High Performance Computing (HPC) is defined by Wikipedia as:


High-performance computing (HPC) uses supercomputers and computer clusters to solve advanced computation problems. Today, computer systems approaching the teraflops-region are counted as HPC-computers. The term is most commonly associated with computing used for scientific research or computational science. A related term, high-performance technical computing (HPTC), generally refers to the engineering applications of cluster-based computing (such as computational fluid dynamics and the building and testing of virtual prototypes). Recently, HPC has come to be applied to business uses of cluster-based supercomputers, such as data warehouses, line-of-business (LOB) applications, and transaction processing.


Predictably, I use the broadest definition of HPC including data intensive computing and all forms of computational science. It still includes the old stalwart applications of weather modeling and weapons research but the broader definition takes HPC from a niche market to being a big part of the future of server-side computing.

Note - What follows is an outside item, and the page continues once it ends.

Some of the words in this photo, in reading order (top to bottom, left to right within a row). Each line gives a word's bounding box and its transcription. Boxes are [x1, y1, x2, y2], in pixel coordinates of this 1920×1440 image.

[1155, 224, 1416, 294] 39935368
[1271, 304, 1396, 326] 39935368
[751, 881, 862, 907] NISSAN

Multi-thousand node clusters, operating at teraflop rates, running simulations over massive data sets is how petroleum exploration is done, it’s how advanced financial instruments are (partly) understood, it’s how brick and mortar retailers do shelf space layout and optimize their logistics chains, it’s how automobile manufacturers design safer cars through crash simulation, it’s how semiconductor designs are simulated, it’s how aircraft engines are engineered to be more fuel efficient, and it’s how credit card companies measure fraud risk. Today, at the core of any well run business, is a massive data store –they all have that. The measure of a truly advanced company is the depth of analysis, simulation, and modeling run against this data store.  HPC workloads are incredibly important today and the market segment is growing very quickly driven by the plunging cost of computing and the business value understanding large data sets deeply.

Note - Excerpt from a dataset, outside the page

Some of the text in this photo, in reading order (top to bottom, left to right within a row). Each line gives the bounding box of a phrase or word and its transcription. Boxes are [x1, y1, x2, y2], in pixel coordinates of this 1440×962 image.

High Performance Computing is one of those important workloads that many argue can’t move to the cloud. Interestingly, HPC has had a long history of supposedly not being able to make a transition and then, subsequently, making that transition faster than even the most optimistic would have guessed possible. In the early days of HPC, most of the workloads were run on supercomputers. These are purpose built, scale-up servers made famous by Control Data Corporation and later by Cray Research with the Cray 1 broadly covered in the popular press. At that time, many argued that slow processors and poor performing interconnects would prevent computational clusters from ever being relevant for these workloads. Today more than ¾ of the fastest HPC systems in the world are based upon commodity compute clusters.

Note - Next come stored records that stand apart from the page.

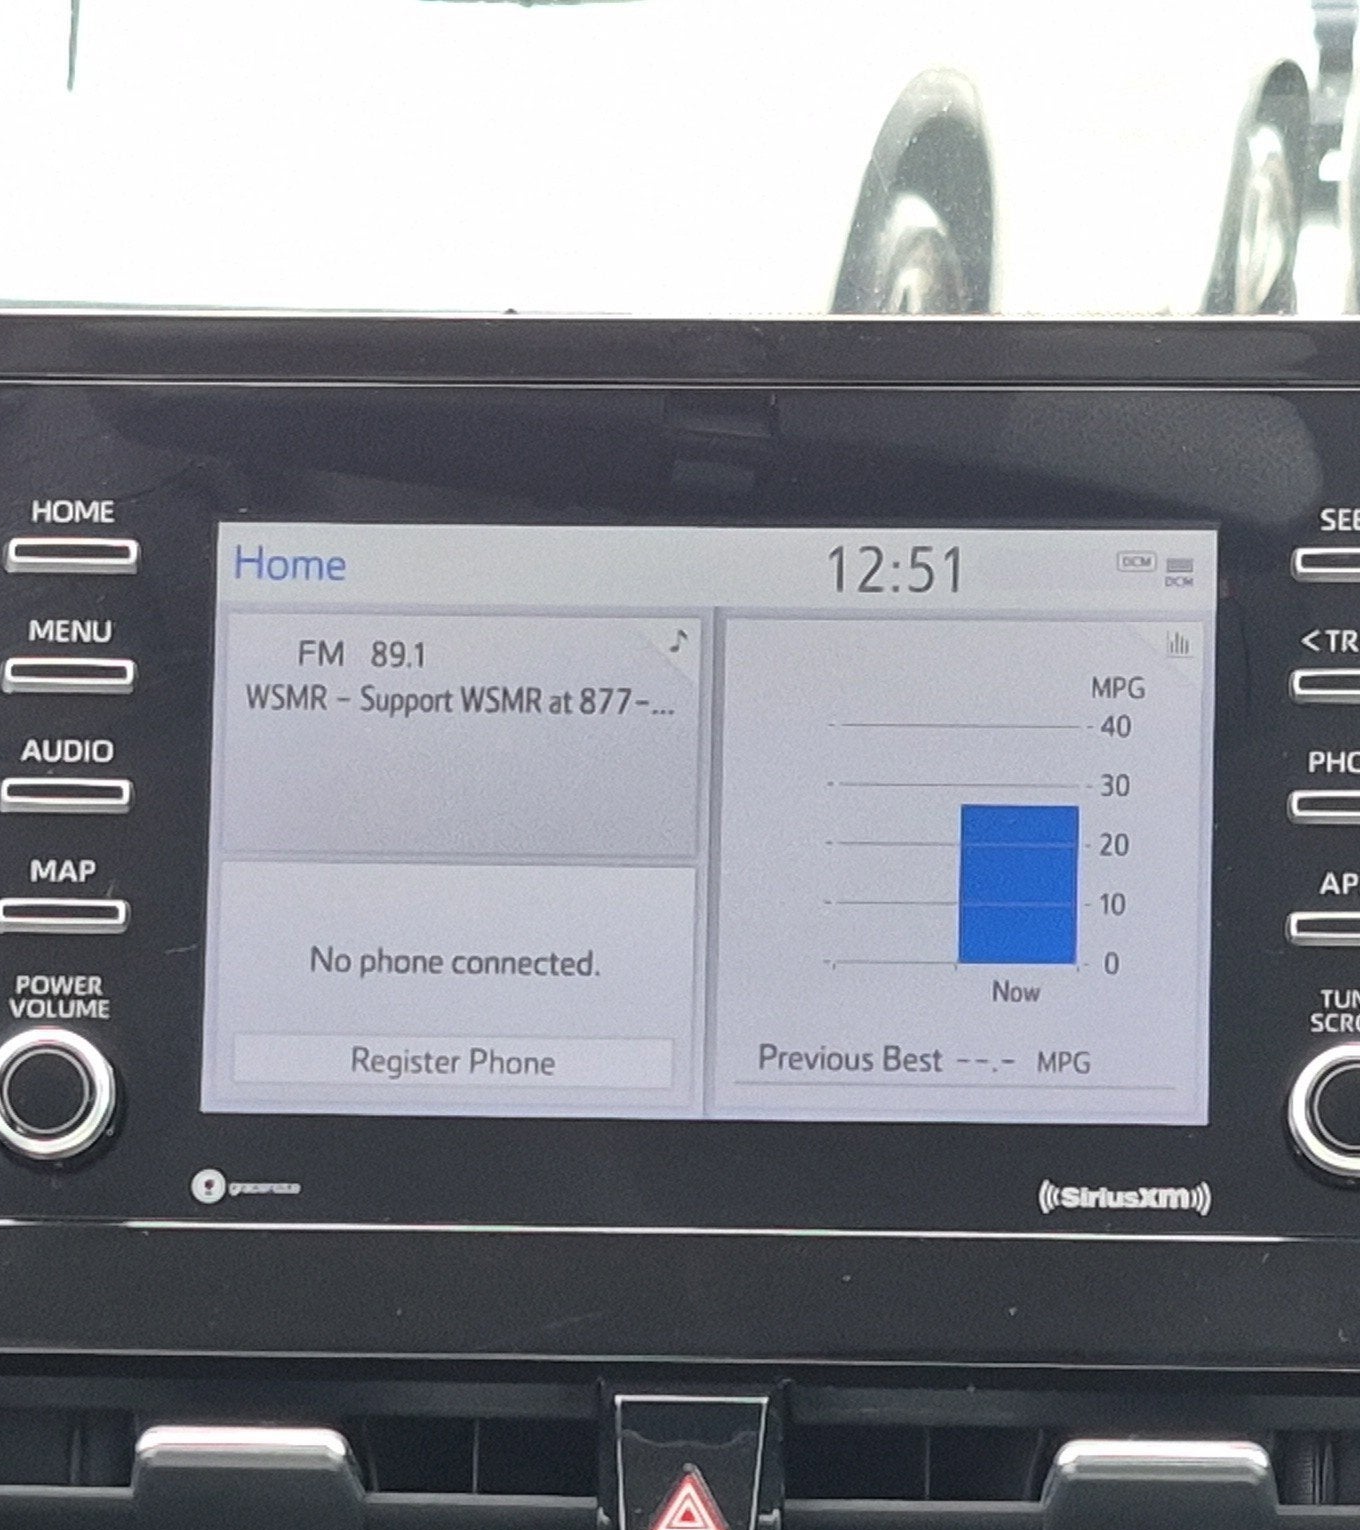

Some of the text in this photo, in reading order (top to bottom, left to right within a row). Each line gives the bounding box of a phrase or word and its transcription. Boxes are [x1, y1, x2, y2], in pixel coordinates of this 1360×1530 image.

[32, 500, 115, 523] HOME
[234, 545, 347, 582] Home
[828, 545, 963, 594] 12:51
[28, 619, 113, 643] MENU
[299, 640, 425, 668] FM 89.1
[1092, 676, 1146, 700] MPG
[246, 684, 327, 711] WSMR
[360, 685, 454, 718] Support
[461, 687, 542, 714] WSMR
[549, 689, 572, 715] at
[1100, 716, 1131, 738] 40
[20, 739, 115, 763] AUDIO
[1099, 774, 1131, 797] 30
[1099, 833, 1130, 856] 20
[30, 860, 96, 882] MAP
[1100, 893, 1127, 916] 10
[311, 945, 600, 978] No phone connected.
[1104, 953, 1119, 975] 0
[16, 975, 103, 996] POWER
[992, 981, 1041, 1003] Now
[10, 998, 111, 1019] VOLUME
[351, 1046, 556, 1080] Register Phone
[759, 1043, 874, 1072] Previous
[883, 1046, 943, 1073] Best
[1037, 1052, 1091, 1074] MPG

The HPC community uses the Top-500 list as the tracking mechanism for the fastest systems in the world. The goal of the Top-500 is to provide a scale and performance metric for a given HPC system. Like all benchmarks, it is a good thing in that it removes some of the manufacturer hype but benchmarks always fail to fully characterize all workloads. They abstract performance to a single or small set of metrics which is useful but this summary data can’t faithfully represent all possible workloads. Nonetheless, in many communities including HPC and Relational Database Management Systems, benchmarks have become quite important. The HPC world uses the Top-500 list which depends upon LINPACK as the benchmark.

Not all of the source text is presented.